◆ Directions for this task: Every record is to be returned as written, with no omissions.
(The data begins)
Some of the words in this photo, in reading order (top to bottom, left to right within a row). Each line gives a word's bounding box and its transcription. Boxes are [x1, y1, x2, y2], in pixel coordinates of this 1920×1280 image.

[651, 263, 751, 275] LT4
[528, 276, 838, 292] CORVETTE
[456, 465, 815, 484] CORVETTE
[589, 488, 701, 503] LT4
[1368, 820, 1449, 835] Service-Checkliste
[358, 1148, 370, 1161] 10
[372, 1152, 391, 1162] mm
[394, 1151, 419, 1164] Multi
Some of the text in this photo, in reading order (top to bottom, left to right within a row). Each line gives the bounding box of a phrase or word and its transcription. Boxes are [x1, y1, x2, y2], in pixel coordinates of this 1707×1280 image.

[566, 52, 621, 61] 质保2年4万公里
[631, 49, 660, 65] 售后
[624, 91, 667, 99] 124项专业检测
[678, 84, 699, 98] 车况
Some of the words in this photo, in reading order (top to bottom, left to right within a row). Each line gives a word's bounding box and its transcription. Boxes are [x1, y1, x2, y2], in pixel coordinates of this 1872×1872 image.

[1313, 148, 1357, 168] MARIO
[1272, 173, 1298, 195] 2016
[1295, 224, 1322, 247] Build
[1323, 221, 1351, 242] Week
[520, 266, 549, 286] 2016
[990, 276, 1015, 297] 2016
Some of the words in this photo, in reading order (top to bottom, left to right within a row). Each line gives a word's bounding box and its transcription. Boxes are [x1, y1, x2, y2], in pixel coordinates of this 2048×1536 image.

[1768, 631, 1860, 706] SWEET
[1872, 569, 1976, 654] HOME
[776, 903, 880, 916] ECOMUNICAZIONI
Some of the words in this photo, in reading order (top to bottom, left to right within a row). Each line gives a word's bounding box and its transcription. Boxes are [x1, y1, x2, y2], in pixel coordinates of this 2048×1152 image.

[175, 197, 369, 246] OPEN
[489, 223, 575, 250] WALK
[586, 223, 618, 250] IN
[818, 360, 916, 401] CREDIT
(The data ends)
◆ Output of the exercise:
Some of the words in this photo, in reading order (top to bottom, left to right within a row). Each line gives a word's bounding box and its transcription. Boxes are [x1, y1, x2, y2], in pixel coordinates of this 1920×1280 image.

[651, 263, 751, 275] LT4
[528, 276, 838, 292] CORVETTE
[456, 465, 815, 484] CORVETTE
[589, 488, 701, 503] LT4
[1368, 820, 1449, 835] Service-Checkliste
[358, 1148, 370, 1161] 10
[372, 1152, 391, 1162] mm
[394, 1151, 419, 1164] Multi
Some of the text in this photo, in reading order (top to bottom, left to right within a row). Each line gives the bounding box of a phrase or word and its transcription. Boxes are [x1, y1, x2, y2], in pixel coordinates of this 1707×1280 image.

[566, 52, 621, 61] 质保2年4万公里
[631, 49, 660, 65] 售后
[624, 91, 667, 99] 124项专业检测
[678, 84, 699, 98] 车况
Some of the words in this photo, in reading order (top to bottom, left to right within a row). Each line gives a word's bounding box and its transcription. Boxes are [x1, y1, x2, y2], in pixel coordinates of this 1872×1872 image.

[1313, 148, 1357, 168] MARIO
[1272, 173, 1298, 195] 2016
[1295, 224, 1322, 247] Build
[1323, 221, 1351, 242] Week
[520, 266, 549, 286] 2016
[990, 276, 1015, 297] 2016
Some of the words in this photo, in reading order (top to bottom, left to right within a row). Each line gives a word's bounding box and its transcription. Boxes are [x1, y1, x2, y2], in pixel coordinates of this 2048×1536 image.

[1768, 631, 1860, 706] SWEET
[1872, 569, 1976, 654] HOME
[776, 903, 880, 916] ECOMUNICAZIONI
Some of the words in this photo, in reading order (top to bottom, left to right within a row). Each line gives a word's bounding box and its transcription. Boxes are [x1, y1, x2, y2], in pixel coordinates of this 2048×1152 image.

[175, 197, 369, 246] OPEN
[489, 223, 575, 250] WALK
[586, 223, 618, 250] IN
[818, 360, 916, 401] CREDIT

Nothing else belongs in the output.